------ Supplied entries
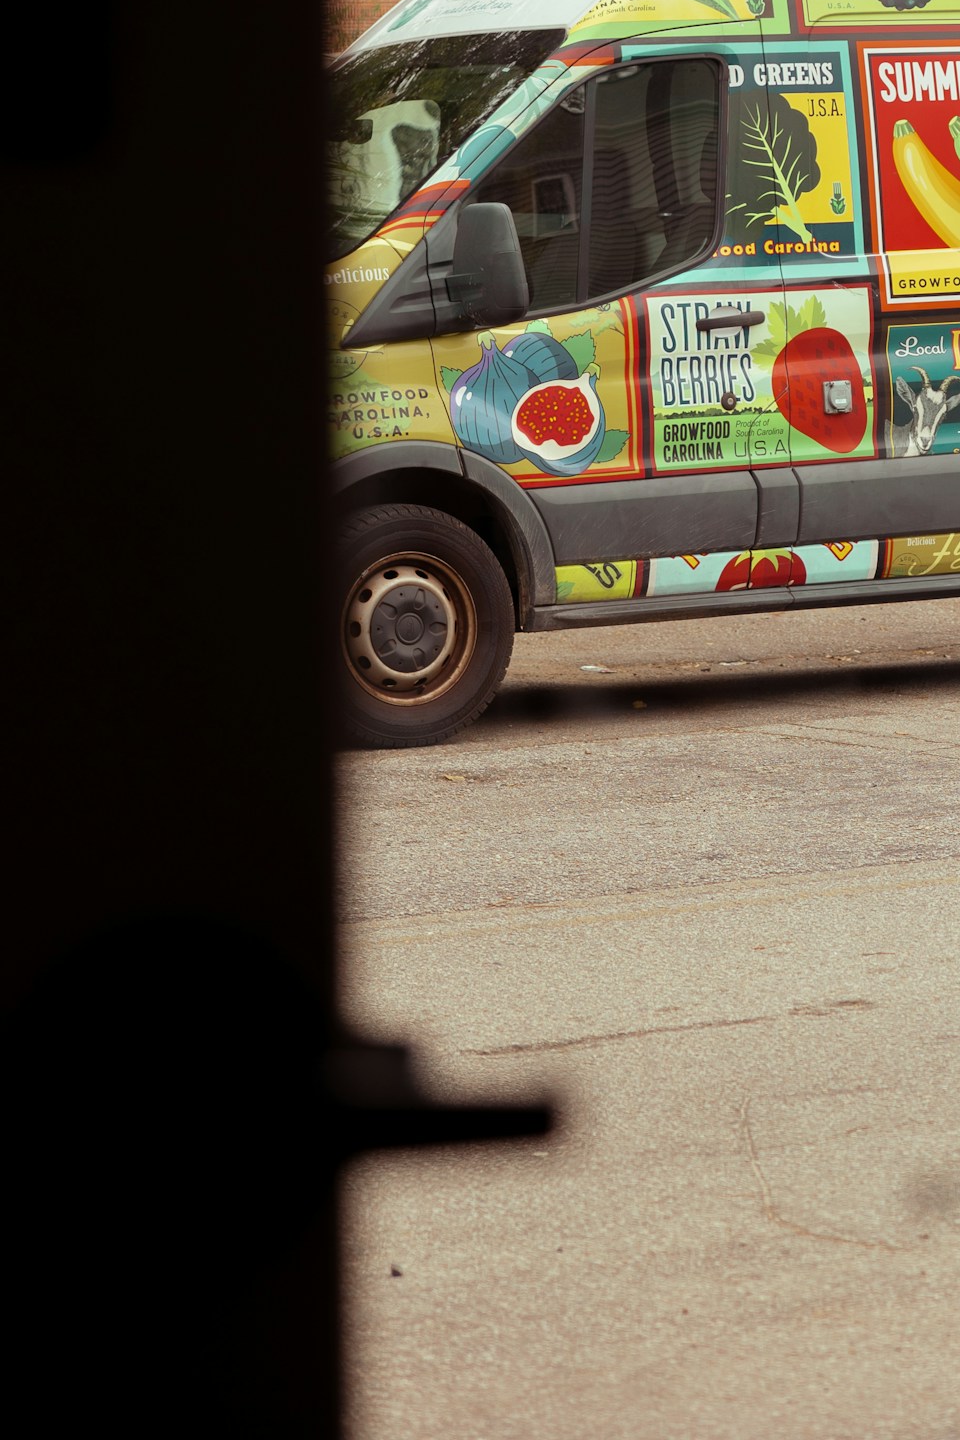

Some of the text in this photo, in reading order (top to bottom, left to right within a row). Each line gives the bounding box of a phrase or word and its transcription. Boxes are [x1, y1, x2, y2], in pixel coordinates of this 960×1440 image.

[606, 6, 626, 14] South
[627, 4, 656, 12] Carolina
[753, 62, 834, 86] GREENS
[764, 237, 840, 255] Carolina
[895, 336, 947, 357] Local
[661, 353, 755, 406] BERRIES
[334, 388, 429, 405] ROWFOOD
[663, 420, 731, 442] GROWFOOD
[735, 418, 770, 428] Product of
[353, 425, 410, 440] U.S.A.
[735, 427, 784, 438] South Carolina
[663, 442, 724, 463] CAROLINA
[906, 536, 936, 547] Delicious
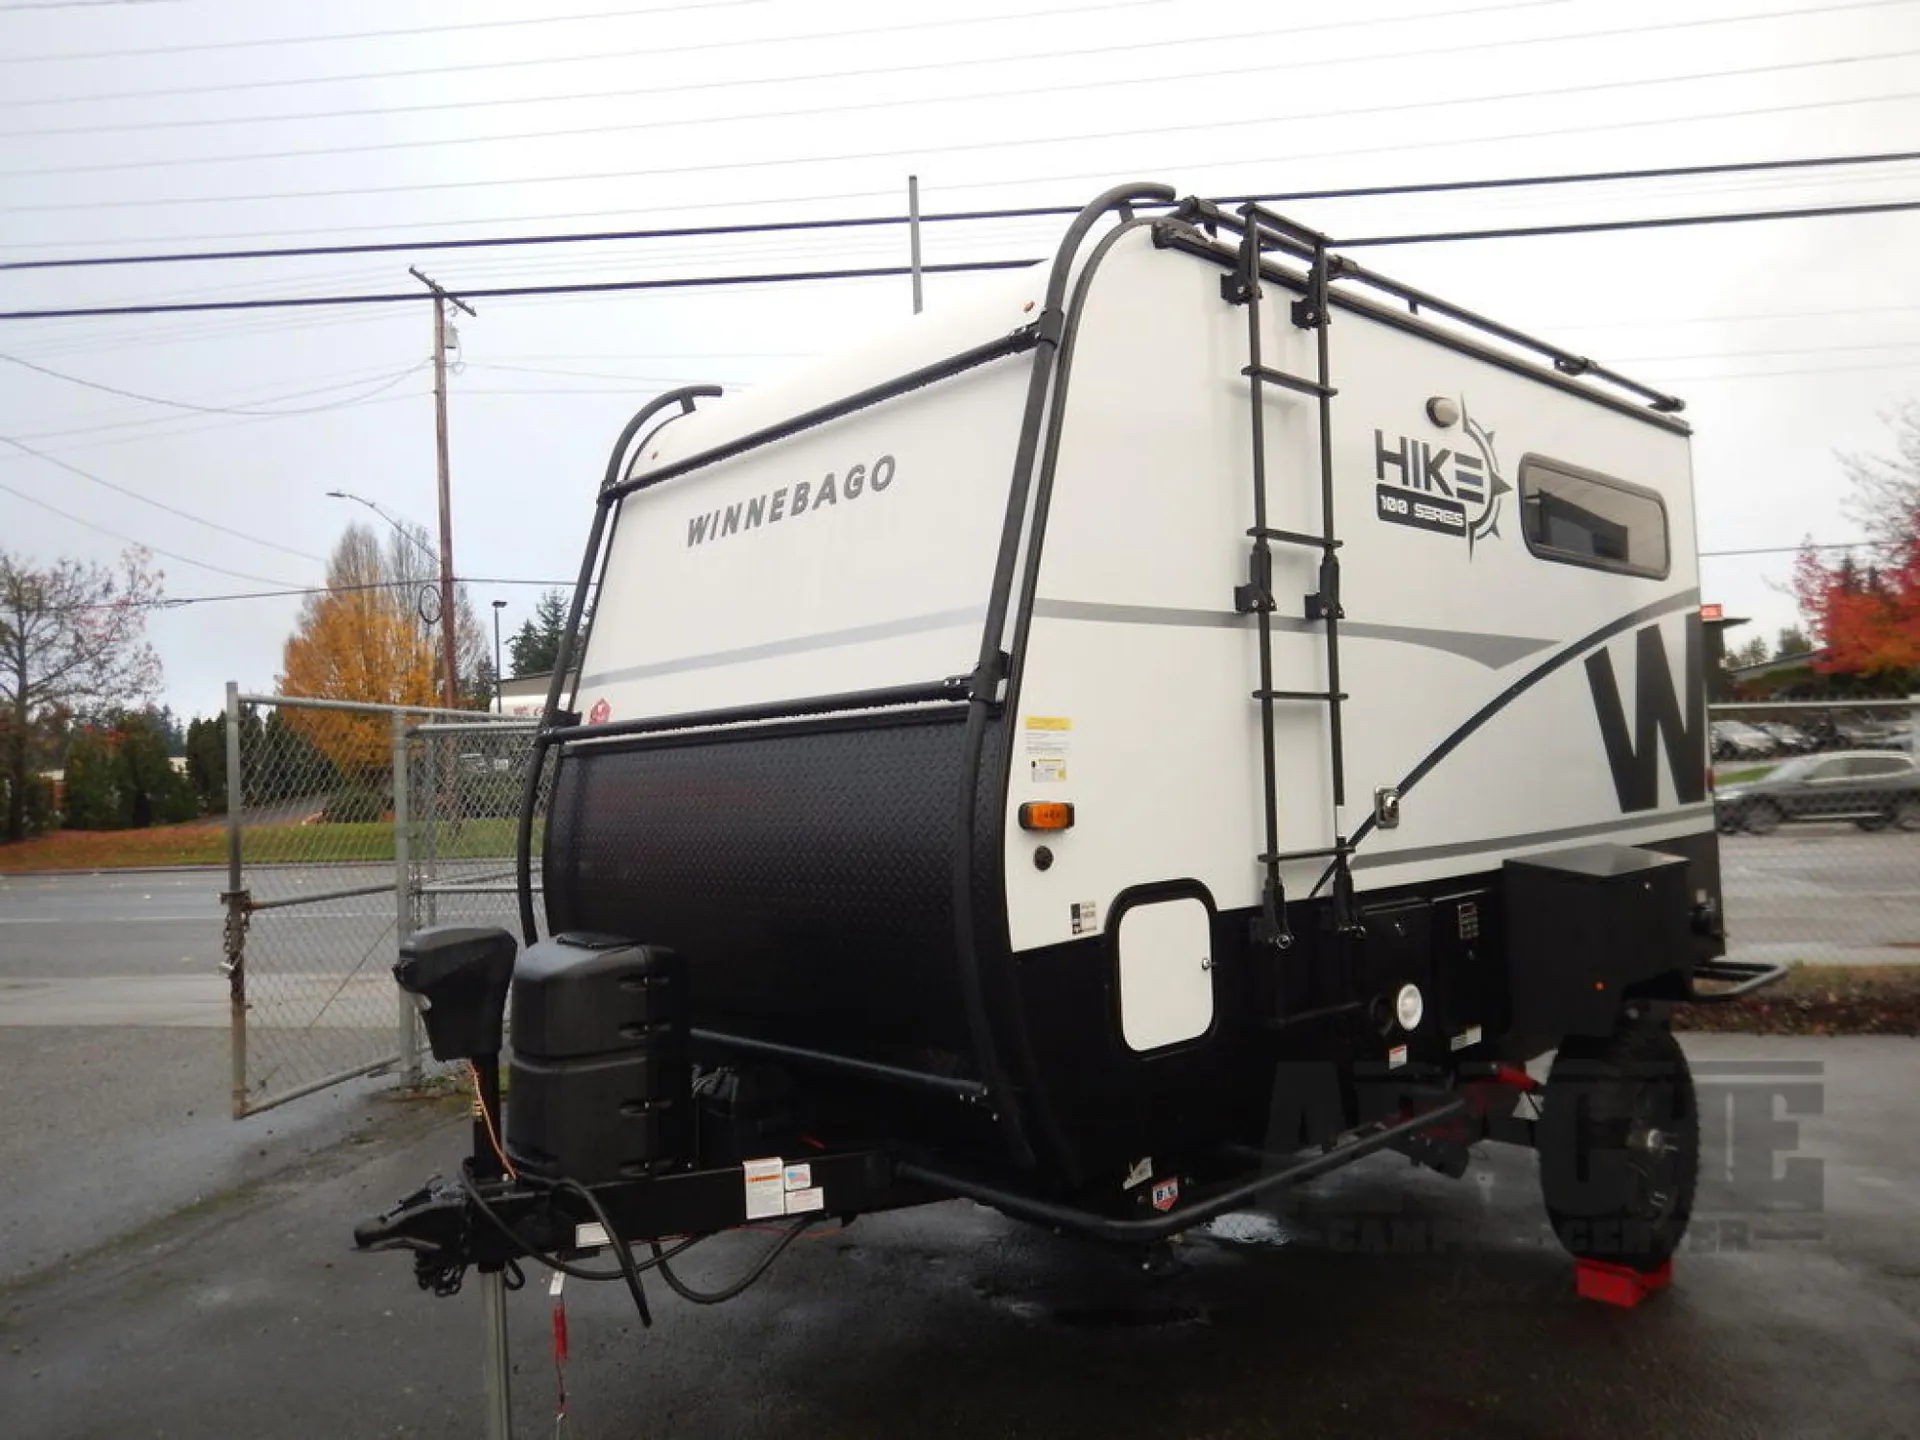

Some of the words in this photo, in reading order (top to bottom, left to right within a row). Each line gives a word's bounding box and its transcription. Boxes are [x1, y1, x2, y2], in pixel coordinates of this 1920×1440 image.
------------
Work request:
Exactly as given, set down each line of the material, but include no pictures.

Solution to this exercise:
Some of the text in this photo, in reading order (top to bottom, left to right within a row). Each line gives the bounding box of a phrase or word and its transcription. Boxes are [x1, y1, x2, y2], in pixel coordinates of this 960×1440 image.

[606, 6, 626, 14] South
[627, 4, 656, 12] Carolina
[753, 62, 834, 86] GREENS
[764, 237, 840, 255] Carolina
[895, 336, 947, 357] Local
[661, 353, 755, 406] BERRIES
[334, 388, 429, 405] ROWFOOD
[663, 420, 731, 442] GROWFOOD
[735, 418, 770, 428] Product of
[353, 425, 410, 440] U.S.A.
[735, 427, 784, 438] South Carolina
[663, 442, 724, 463] CAROLINA
[906, 536, 936, 547] Delicious

Some of the words in this photo, in reading order (top to bottom, left to right within a row). Each line gives a word's bounding box and its transcription. Boxes are [x1, y1, x2, y2], in pixel coordinates of this 1920×1440 image.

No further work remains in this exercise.